A single-centre retrospective cohort of consecutive adult patients admitted to the intensive care unit (ICU) of Hôpital du Sacré-Coeur de Montréal with confirmed COVID-19 were included.


Between 20 March and 13 May 2020, 75 patients were admitted, with a median [interquartile range (IQR)] age of 62 [53–72] yr and high rates of obesity (47%), hypertension (67%), and diabetes (37%). Healthcare-related infections were responsible for 35% of cases. The median [IQR] day 1 sequential organ failure assessment score was 6 [3–7]. Invasive mechanical ventilation (IMV) was used in 57% of patients for a median [IQR] of 11 [5–22] days.

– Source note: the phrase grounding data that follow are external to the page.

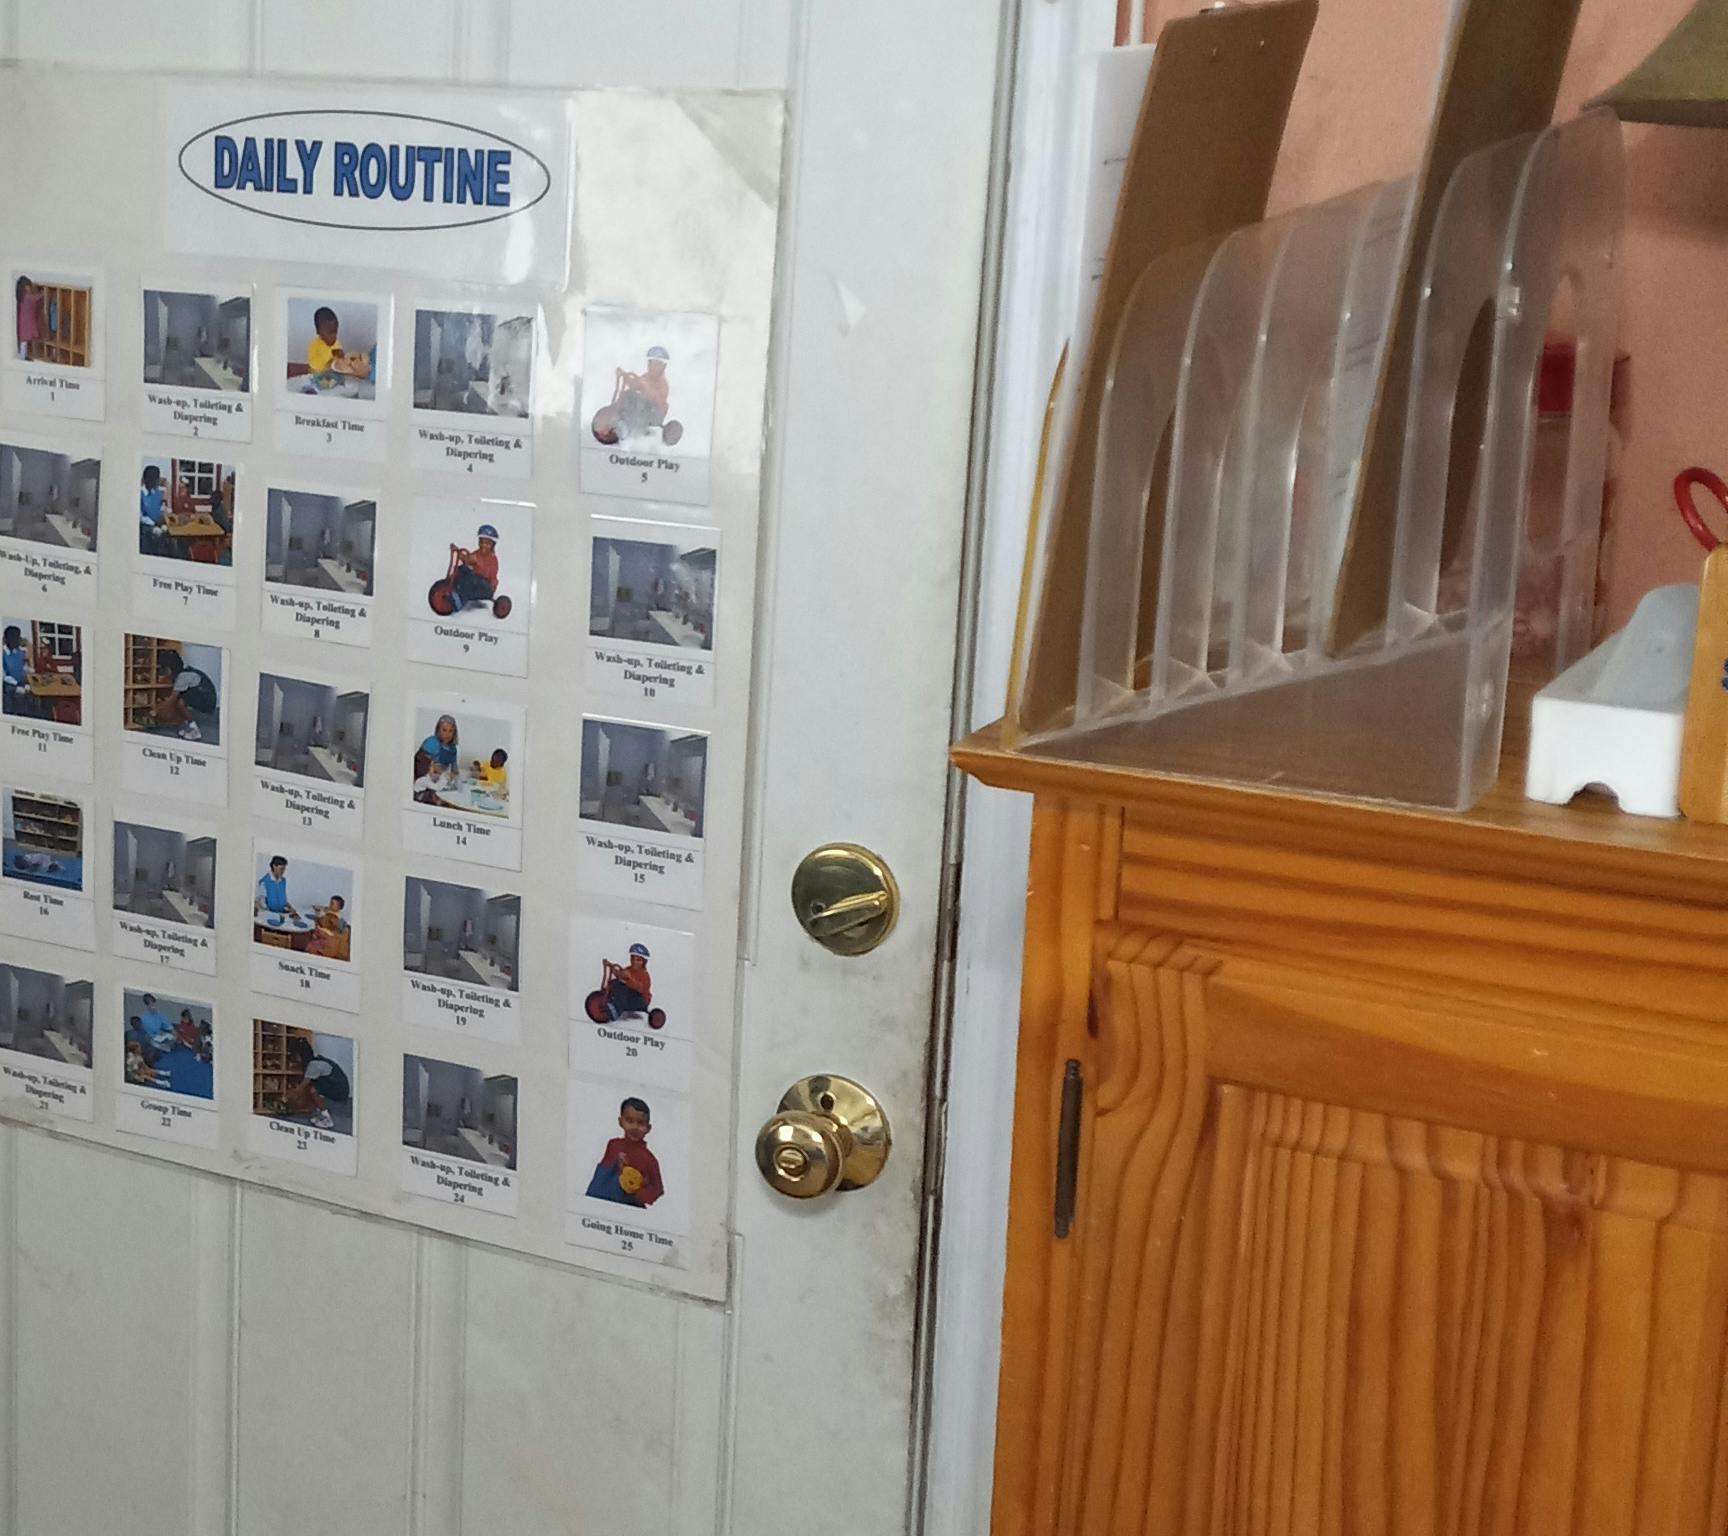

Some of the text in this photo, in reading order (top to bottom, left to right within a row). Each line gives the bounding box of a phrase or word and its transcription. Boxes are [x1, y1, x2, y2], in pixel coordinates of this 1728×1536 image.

[213, 135, 513, 207] DAILY ROUTINE
[25, 375, 79, 390] Arrival Time
[192, 398, 232, 413] Toileting
[234, 402, 243, 412] &
[173, 408, 217, 426] Diapering
[294, 415, 364, 432] Breakfast Time
[467, 433, 510, 450] Toileting
[513, 438, 522, 448] &
[445, 446, 494, 463] Diapering
[608, 453, 679, 472] Outdoor Play
[23, 566, 65, 585] Diapering
[83, 565, 91, 575] &
[152, 577, 218, 596] Free Play Time
[315, 600, 356, 618] Toileting
[357, 607, 366, 617] &
[295, 611, 340, 629] Diapering
[433, 625, 498, 645] Outdoor Play
[646, 657, 692, 675] Toileting
[694, 664, 704, 674] &
[623, 669, 675, 688] Diapering
[10, 724, 73, 744] Free Play Time
[141, 747, 206, 767] Clean Up Time
[285, 798, 329, 819] Diapering
[304, 789, 345, 809] Toileting
[346, 799, 355, 809] &
[432, 817, 491, 835] Lunch Time
[636, 843, 682, 863] Toileting
[684, 852, 694, 863] &
[614, 854, 664, 875] Diapering
[23, 890, 63, 906] Rest Time
[143, 938, 185, 957] Diapering
[160, 929, 198, 947] Toileting
[199, 938, 208, 947] &
[278, 960, 330, 980] Snack Time
[437, 997, 484, 1018] Diapering
[457, 988, 500, 1008] Toileting
[502, 998, 511, 1008] &
[597, 1027, 665, 1050] Outdoor Play
[24, 1083, 64, 1104] Diapering
[41, 1075, 77, 1094] Toileting
[79, 1085, 86, 1094] &
[139, 1099, 191, 1117] Group Time
[269, 1120, 335, 1143] Clean Up Time
[436, 1174, 483, 1196] Diapering
[456, 1165, 499, 1185] Toileting
[501, 1176, 510, 1186] &
[581, 1217, 673, 1246] Going Home Time
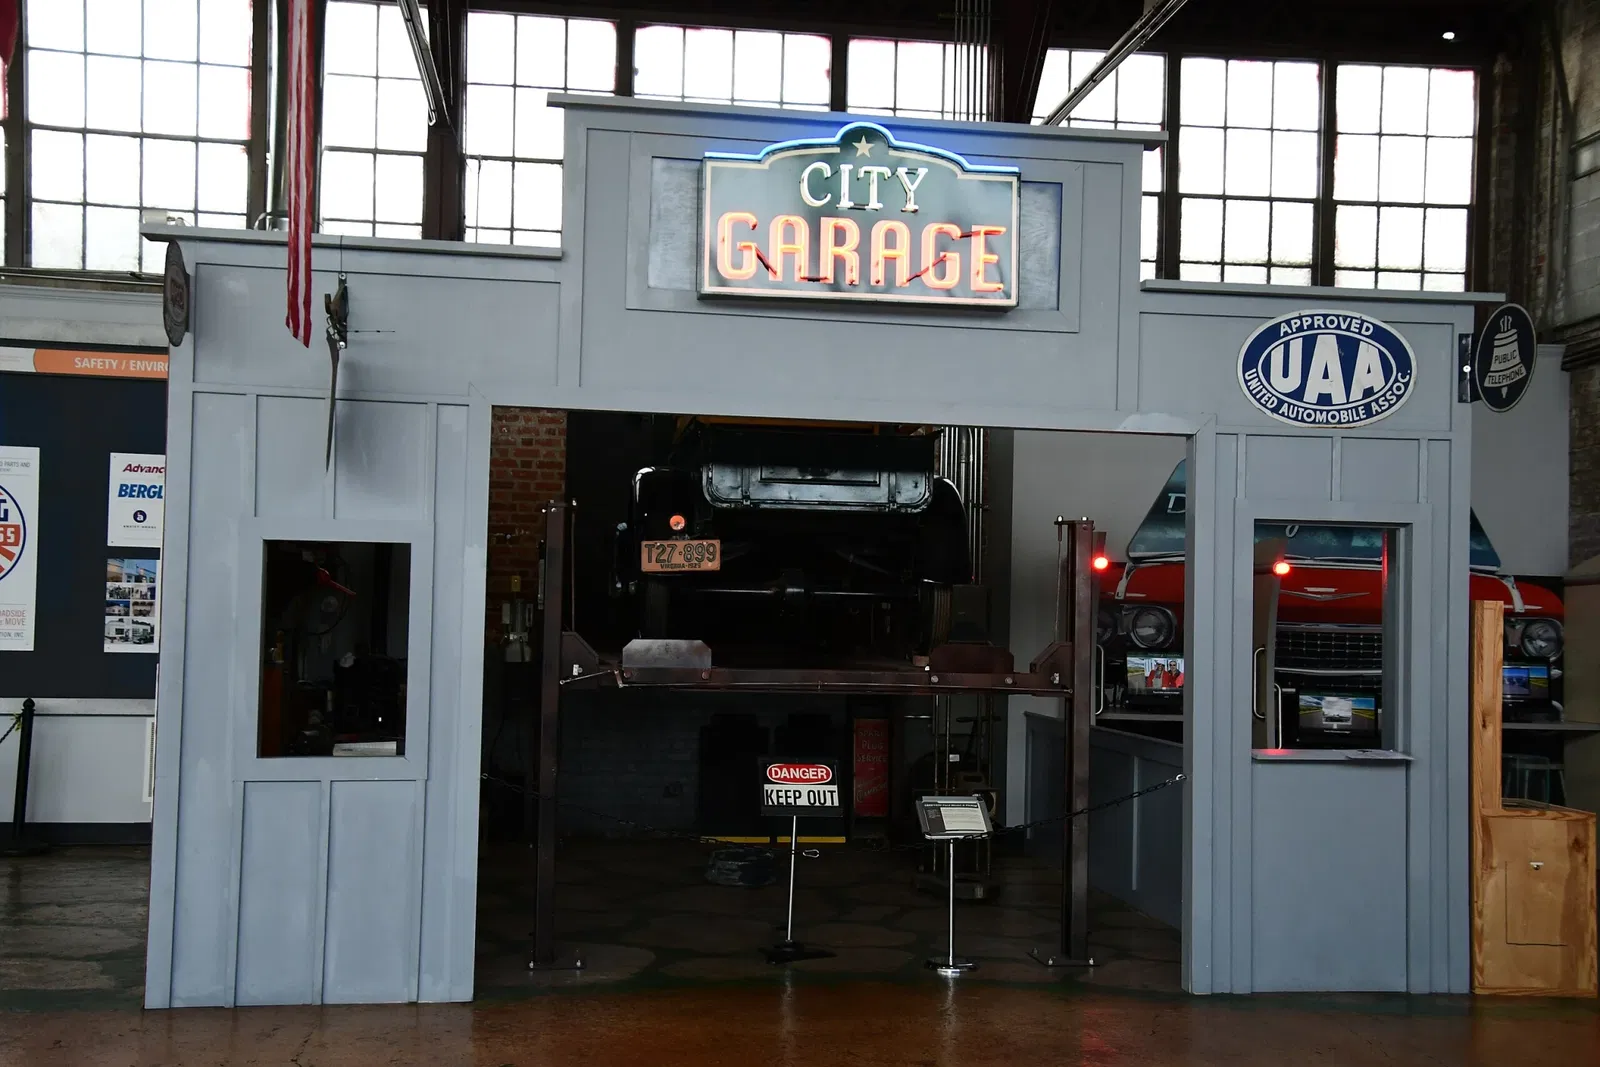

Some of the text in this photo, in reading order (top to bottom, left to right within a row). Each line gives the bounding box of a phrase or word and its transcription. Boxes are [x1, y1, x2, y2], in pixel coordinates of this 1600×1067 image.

Patients receiving IMV were characterized by a moderately decreased median [IQR] partial pressure of oxygen:fraction of inspired oxygen (day 1 PaO2:FiO2 = 177 [138–276]; day 10 = 173 [147–227]) and compliance (day 1 = 48 [38–58] mL/cmH2O; day 10 = 34 [28–42] mL/cmH2O) and very elevated estimated dead space fraction (day 1 = 0.60 [0.53–0.67]; day 10 = 0.72 [0.69–0.79]). Overall hospital mortality was 25%, and 21% in the IMV patients. Mortality was 82% in patients ≥ 80 yr old.


Characteristics and outcomes of critically ill patients with COVID-19 in Montreal were similar to those reported in the existing literature. We found an increased physiologic dead space, supporting the hypothesis that pulmonary vascular injury may be central to COVID-19-induced lung damage.